Building on the momentum of two blockbuster professional tournaments, John Gothia was eager for Orange County to host a national high school or college event. Despite having the country’s largest youth fishing trail, the statewide 14-inch slot limit for largemouth bass proved to be a stubborn roadblock. Participants of all skill sets would have difficulty in catching a complete tournament bag. Although elusive here, a full live well is easily attainable in other areas of the state. Professionals will follow the circuit but amateurs will follow the fish.
To level the playing field, we drafted and filed HB 1979. This bill would temporarily reduce the slot to 12 inches for catch and release high school and college tournaments in Southeast Texas waterways. The events would have been strictly permitted and regulated by Texas Parks and Wildlife (TPWD). Ida Schossow, President of the Greater Orange Chamber of Commerce, and Mr. Gothia testified in committee to the tremendous economic and social impact of the two Bassmasters Elite tournaments. They argued sound points regarding the ecological differences between our waterways and that of the “sharelunker”, freshwater lakes such as Rayburn or Fork. The facts pertaining to high salinity levels, expanded food chains and pressures from coastal storms did not deter many central Texans from voicing their opposition. One individual opined that Southeast Texas anglers were just not skilled enough to catch the larger fish.
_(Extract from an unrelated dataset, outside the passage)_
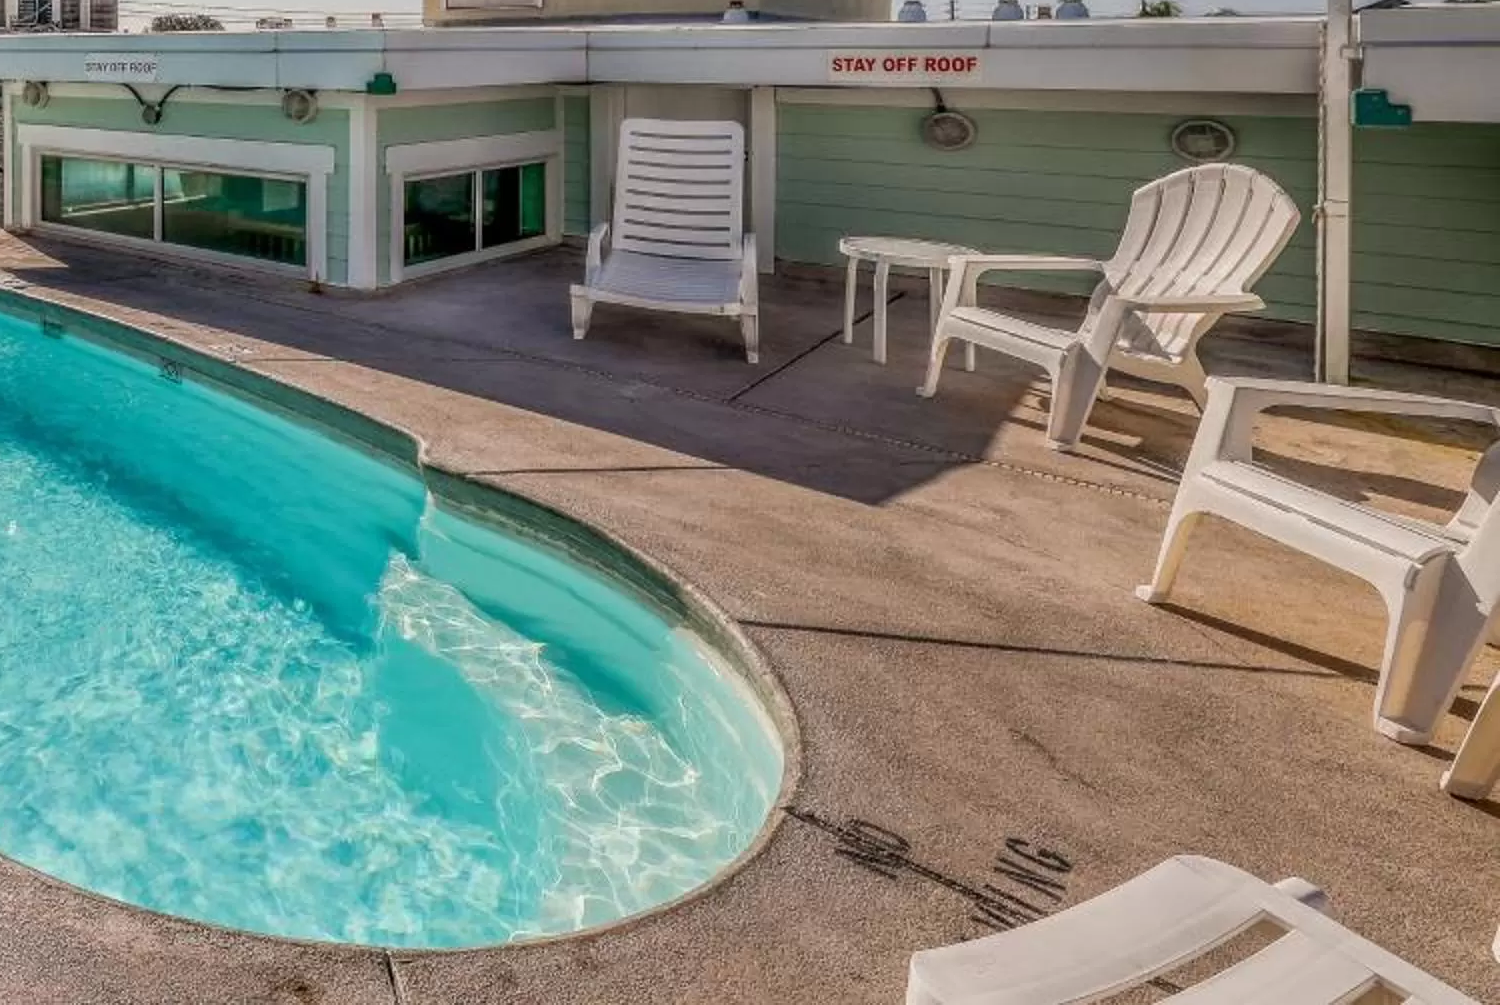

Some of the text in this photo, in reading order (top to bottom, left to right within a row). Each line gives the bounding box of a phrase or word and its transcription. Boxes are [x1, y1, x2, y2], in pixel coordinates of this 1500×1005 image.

[832, 57, 977, 72] STAY OFF ROOF
This resistance did not stop us from advancing the bill out of committee and placing it on the House Calendar.
Although HB 1979 officially died on May 14th, its spirit certainly did not. In negotiations with TPWD, an agreement was reached to update the decades old freshwater study that eventually led to the statewide limit. To the Departments great credit, they have followed through with swift results. The progress to date:
The Department has collected 562 largemouth bass for length-frequency and age structure analyses from the lower Sabine and Neches rivers, as well as the Taylor Bayou complex.
Fish aging structures (inner ear bones, known as otoliths) have been allowed to adequately dry in preparation for aging under microscopes.
Fish collection data is being entered into an electronic database.
Fish length-frequencies will be generated and aging structures processed.
A local angler opinion phase will commence soon to gather a historical perspective on the area’s fishing environment.
Should the revised analysis prove what many in the area already know, we could enjoy a reduced size slot limit for largemouth bass as early as Spring 2016. Although plenty of work remains, I want to thank TPWD and the many concerned citizens of Southeast Texas for their cooperation in what could be a monumental change for our area’s anglers.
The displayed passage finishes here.